D’ailleurs peu de temps après, mon ennui mécanique a pris fin,
et j’ai réentendu le vrombissement plein, profond des dix cylindres
qui chantaient d’une seule voix en parfaite harmonie. Voilà
où intervient le miracle de nos silencieux modernes : nous pouvons
enfin contrôler nos moteurs par l’oreille. Quand ils ne
tournent pas rond, comme ils crient, protestent, sanglotent !
Autrefois tous ces appels au secours étaient perdus, engloutis
par l’épouvantable vacarme de la machine. Ah, si seulement les
pionniers de l’aviation pouvaient ressusciter pour admirer la
perfection mécanique qui a été payée du prix de leur vie !
« Vers neuf heures et demie je suis arrivé tout près des
nuages. Au-dessous de moi, toute brouillée et barbouillée de
pluie, s’étendait la vaste plaine de Salisbury. Une demidouzaine
d’appareils se traînaient à trois ou quatre cents mètres
d’altitude ; on aurait dit des moineaux. J’ai eu l’impression
qu’ils se demandaient ce que j’allais faire dans les nuages. Brusquement
un rideau gris s’est étiré sous moi et des tortillons de
vapeur humide ont dansé autour de ma figure. C’était froid et
triste. Mais j’avais vaincu la grêle, et c’était autant de gagné. Le
nuage était aussi sombre et épais qu’un brouillard londonien.

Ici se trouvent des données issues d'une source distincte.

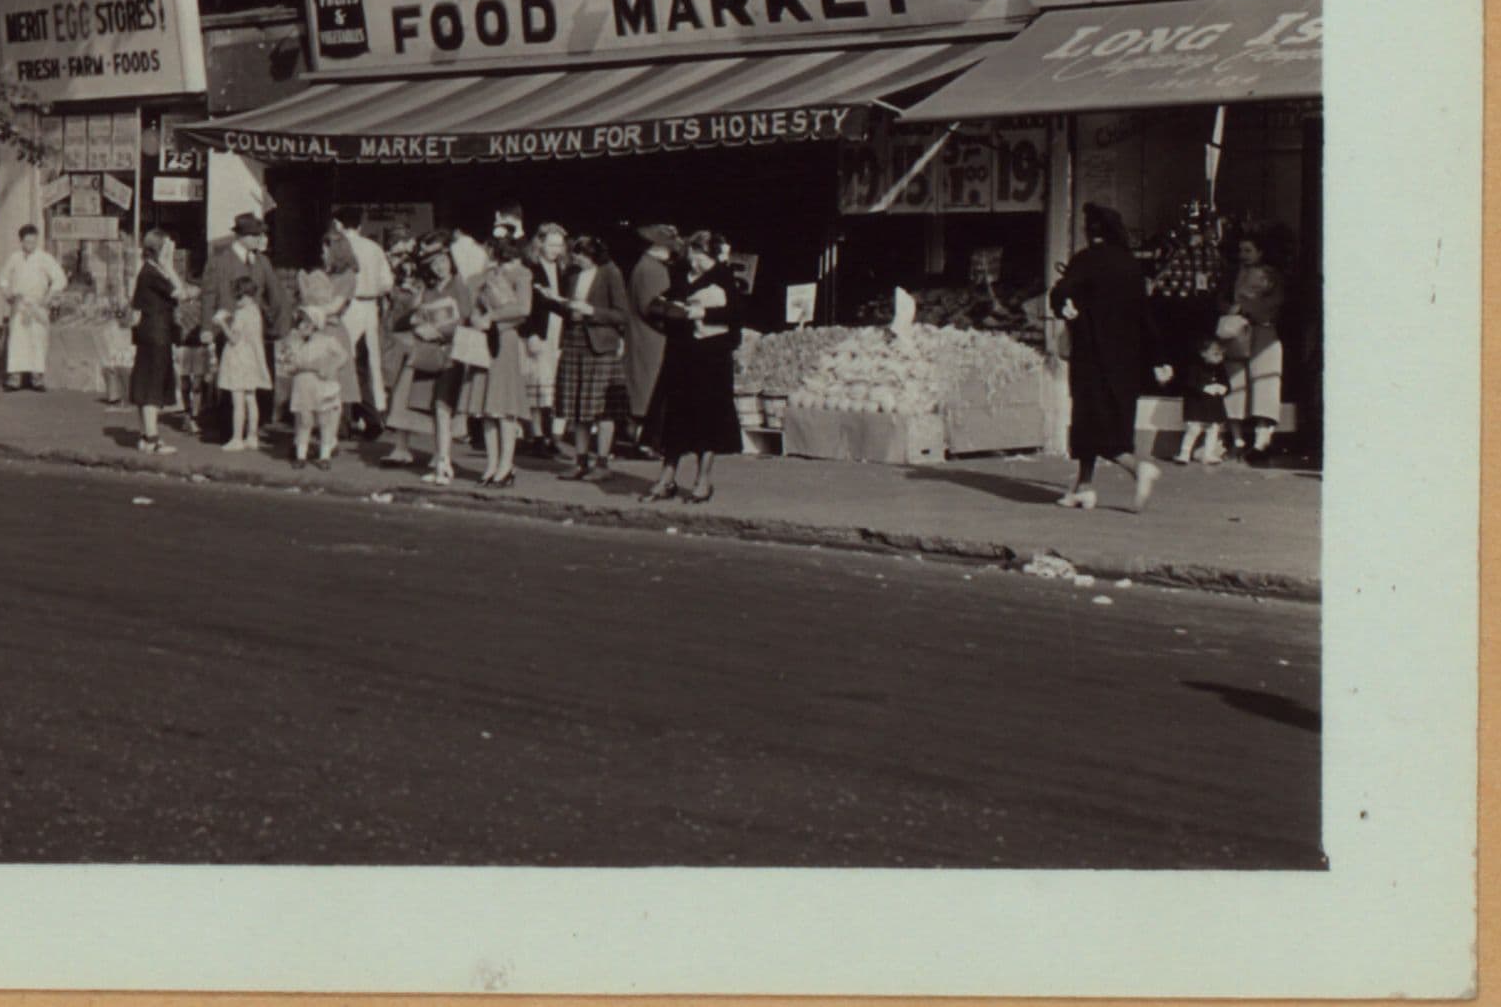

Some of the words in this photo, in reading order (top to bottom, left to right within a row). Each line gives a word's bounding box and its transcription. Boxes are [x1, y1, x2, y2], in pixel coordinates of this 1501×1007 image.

Désireux d’en sortir, j’ai tiré sur le manche jusqu’à ce que résonne
la sonnette d’alarme automatique : je commençais à glisser
à reculons. Mes ailes détrempées m’avaient alourdi plus que
je ne l’aurais cru. Mais bientôt je suis parvenu dans une zone
nuageuse moins dense, puis j’ai émergé. Une deuxième couche,
– 11 –
opaline et cotonneuse, m’attendait à une grande altitude audessus
de moi ; elle constituait un plafond blanc uni, tandis
qu’en bas s’étalait un plancher noir et aussi lisse ; entre les deux
mon monoplan se frayait son chemin vers le plein ciel. On se
sent mortellement seul dans ces vastes espaces ! J’ai vu une
grande troupe d’oiseaux aquatiques volant à tire d’ailes vers
l’ouest. J’avoue que leur présence m’a fait plaisir. Je pense que
c’étaient des sarcelles, mais je suis un piètre zoologue. Maintenant
que les hommes se sont faits oiseaux, nous devrions apprendre
à reconnaître nos frères du premier coup d’oeil.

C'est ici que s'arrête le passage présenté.